味は同じでも雰囲気が変わりすぎて、相乗効果がなくなってしまったのも原因だろう。

それに看板娘に会いたくて来ていたのなら、会えなくなったことで寂しくて、足が遠のくのも仕方がない。楽しい時を覚えているのだ。もう少し落ち着いたら、料理が恋しくなって、戻って来るはずだ。

そんな時にウィスタリアと……いや、リーリエと出会ったらしく、そんなところでそんな素敵な人たちのように働ける自信などなかったが、生活がかかっている。

こんなチャンスを逃したら、路上で野垂れ死ぬこと間違いなしだ。逃してしまうわけにはいかない。

今のリーリエに頼れる人は、1人もいないのだ。

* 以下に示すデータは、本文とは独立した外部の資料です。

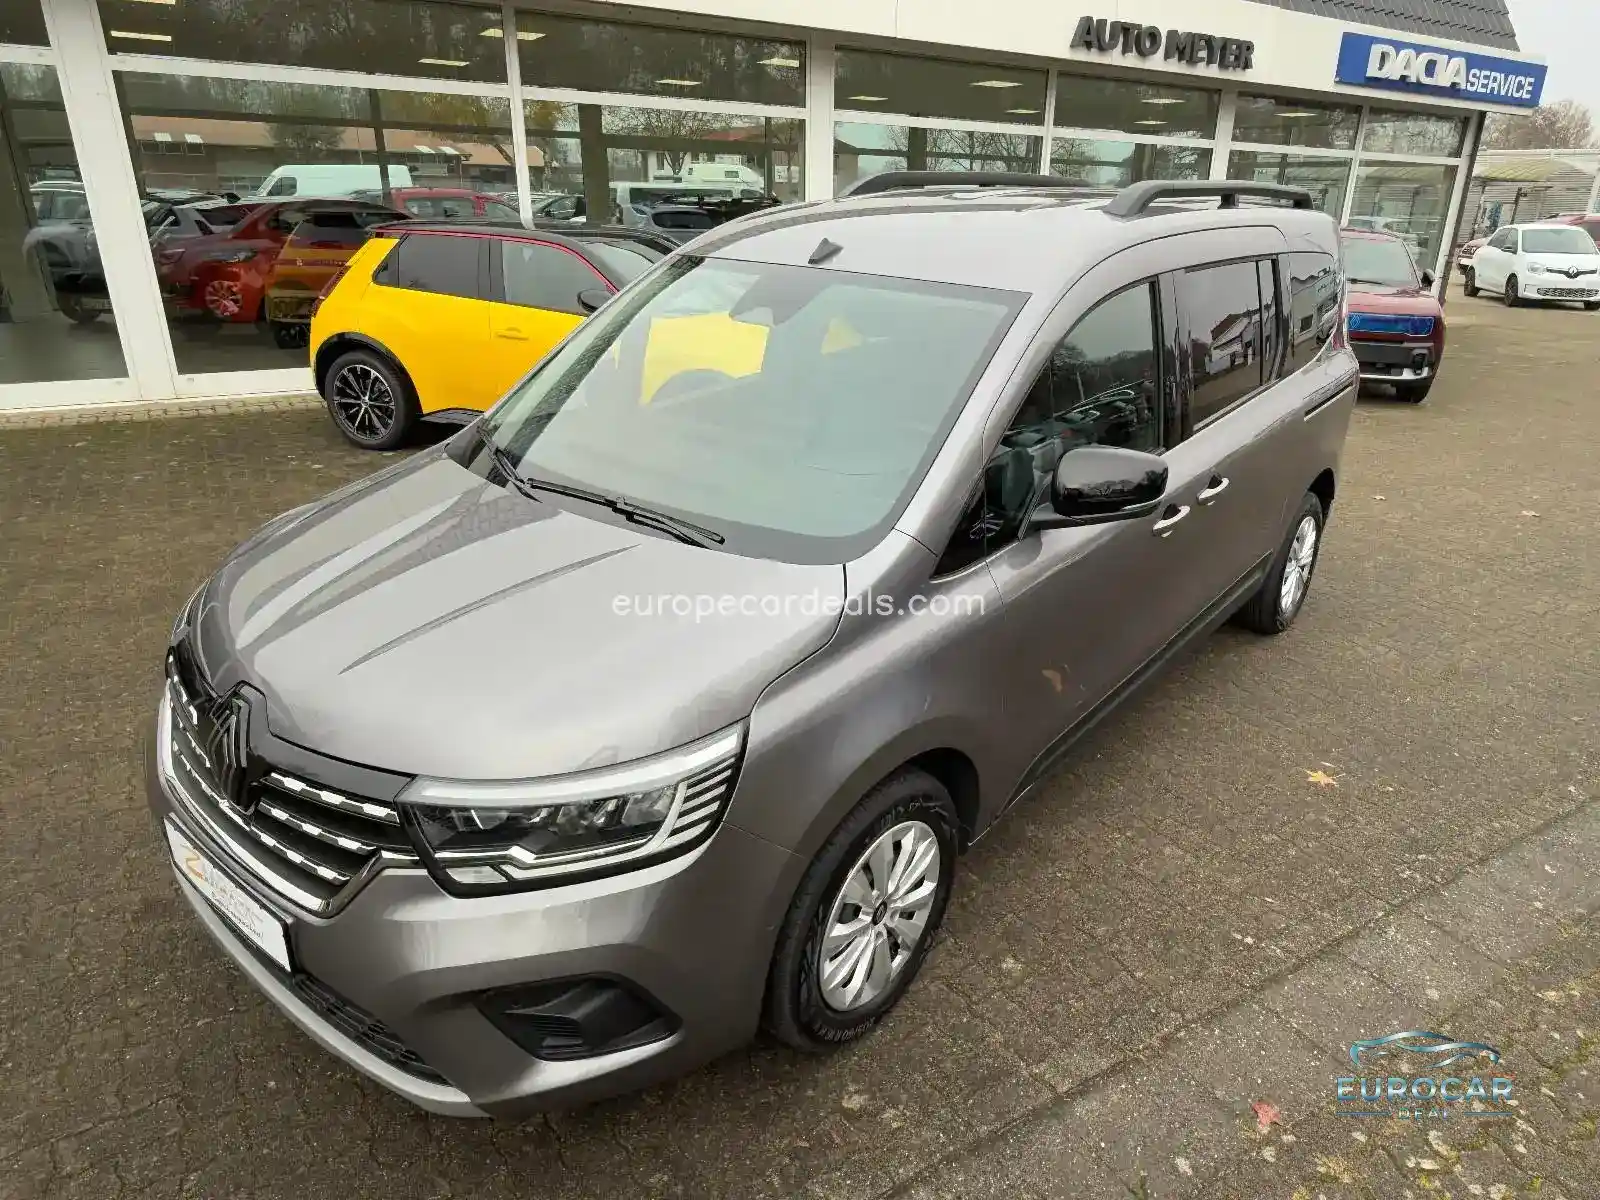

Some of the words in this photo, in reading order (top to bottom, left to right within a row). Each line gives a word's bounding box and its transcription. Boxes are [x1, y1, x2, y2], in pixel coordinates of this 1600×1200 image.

これを逃したら、見つけられないだろう。


「どうだい?」
「私、働いたことないんです。でも、一生懸命に覚えます。働かせてください」


そう言ってから、名乗っていないことを思い出してお互い名乗りあった。

リーリエの命の恩人となった彼女の名前は、ローザ・ヴィーラント。その後、ローザを心配して様子を見に来た嫁と孫娘とも、リーリエは知り合いになり、すぐに仲良くなった。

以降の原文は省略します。